Experimental Study on Methane Desorption from Lumpy Coal under the Action of Hydraulic and Thermal

Academic Editor: Claudio Pettinari
Received25 Dec 2017
Accepted22 Feb 2018
Published30 Apr 2018


Moisture and thermal are the key factors for influencing methane desorption during CBM exploitation. Using high-pressure water injection technology into coalbed, new fractures and pathways are formed to transport methane. A phenomenon of water-inhibiting gas flow existed. This study is focused on various water pressures impacted on gas-adsorbed coal samples, and then the desorption capacity could be revealed under different conditions. And the results are shown that methane desorption capacity was decreased with the increase in water pressure at room temperature and the downtrend would be steady until water pressure was large enough. Heating could promote gas desorption capacity effectively, with the increasing of water injection pressures, and the promotion of thermal on desorption became more obvious. These results are expected to provide a clearer understanding of theoretical efficiency of heat water or steam injection into coalbed, and they can provide some theoretical and experimental guidance on CBM production and methane control.

1. Introduction

Coalbed methane, CBM, is a significant natural energy resource and plays an important role in the structure of clean and new energy in China. However, currently, China CBM cannot satisfy requirements for effective and efficient recovery due to low permeability, low reservoir pressure, and high gas adsorption capacity [1]. With increased mining depth, ground stress, and gas pressure, as well as low gas permeability of coal seams, the gas extraction became difficult before mining [2]. The decrease in gas pressure during gas immigration can lead to gas desorption and cause matrix contraction, leading to fracture extension and further improving the permeability of the coal seam [3].

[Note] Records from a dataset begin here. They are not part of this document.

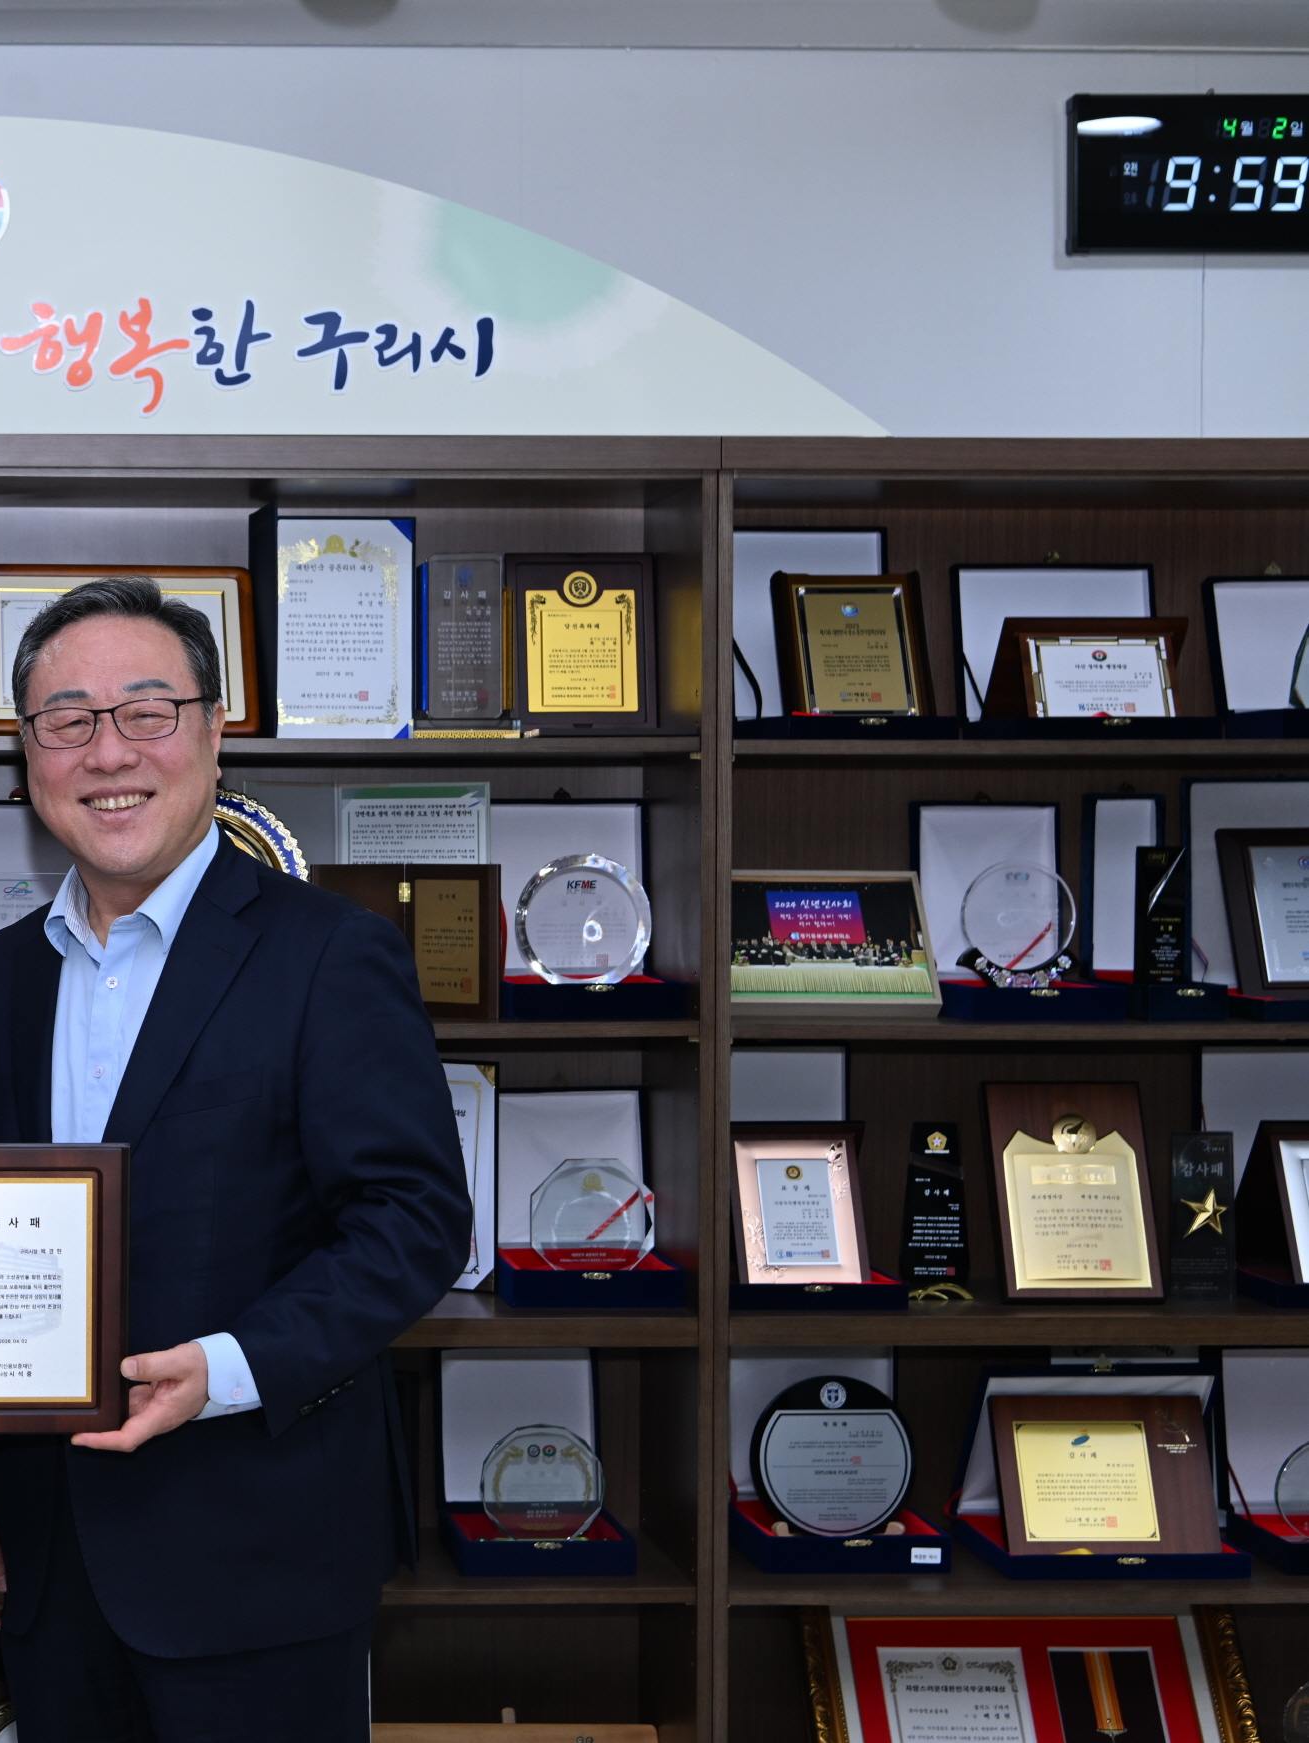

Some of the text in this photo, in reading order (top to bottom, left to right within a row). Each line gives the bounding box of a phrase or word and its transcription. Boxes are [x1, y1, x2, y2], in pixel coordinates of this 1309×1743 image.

[0, 297, 271, 414] 행복한
[297, 311, 492, 389] 구리시
[296, 564, 374, 572] 대한민국 골든리더 대상
[567, 880, 597, 889] KFME
[775, 899, 852, 909] 2024 신년인사회
[1182, 1162, 1224, 1177] 감사패

Furthermore, their permeability in the gas discharge process is complicated and can be affected by the coupled processes of gas migration and deformation of the coalbed. The mechanism of coupled flow and deformation on CBM recovery has drawn immense attention and significant achievements [4]. To increase coal seam permeability and reduce the amount of extraction drilling and risk of outburst, researchers studied techniques and methods of hydraulics. These methods include ordinary drill, enhanced drills, coalbed water injection, hydraulic punching, hydraulic cutting, and hydraulic fracturing, and they are widely used in modern coal mining to improve coalbed permeability and gas output. All these processes are including high-pressure water. Thus, if high-pressure water has been injected into coalbed, the desorption capacity of methane would be effected due to moisture [5].

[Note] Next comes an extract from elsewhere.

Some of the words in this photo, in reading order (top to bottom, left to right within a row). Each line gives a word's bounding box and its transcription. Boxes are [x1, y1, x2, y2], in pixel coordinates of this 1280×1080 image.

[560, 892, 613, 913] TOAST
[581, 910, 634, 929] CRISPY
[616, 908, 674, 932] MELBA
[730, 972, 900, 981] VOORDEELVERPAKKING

Some researchers have engaged in this field in order to improve coalbed permeability and amount of gas output. The two major technologies are hydraulic fracture and thermal injection.

Hydraulic fracture will increase the moisture content in coalbed which it is resulting from water injection. According to the mechanism of moisture increased in coalbed, many scholars have performed studies on the influence of moisture on methane desorption [6, 7], but they wet the coal samples before the experiment. Some scholars realized that injecting water would destroy the statement for gas adsorption [5, 811], and they designed the ideal experimental process in which water was injected into the dry coal samples under the equilibrium state of gas absorption. All of these results showed that the maximum desorption quantity decreases gradually with the amount of injected water, but they were not considering different water pressures that impacted on the same or different equilibrium gas adsorption state.

Thermal injection is a new technology in CBM exploitation, and they have been successfully applied to the enhancement of coalbed methane recovery [1216]. Thermal simulation technologies, such as alternative or supplementary methods for the enhancement of gas production from unconventional reservoirs, have gained great attention in recent years. For example, electromagnetic materials, hot water injection, hot gas injection, and microwave or radio have been used [1719]. Methane desorption rate would be improved by coalbed heating, but the injected water could block the channels of gas flow imposing additional resistance on the transport and production of coalbed methane. Instead of hot water or superheated steam, the hot gas injection method would induce a binary gas flow and make the forecasting of gas production more difficult.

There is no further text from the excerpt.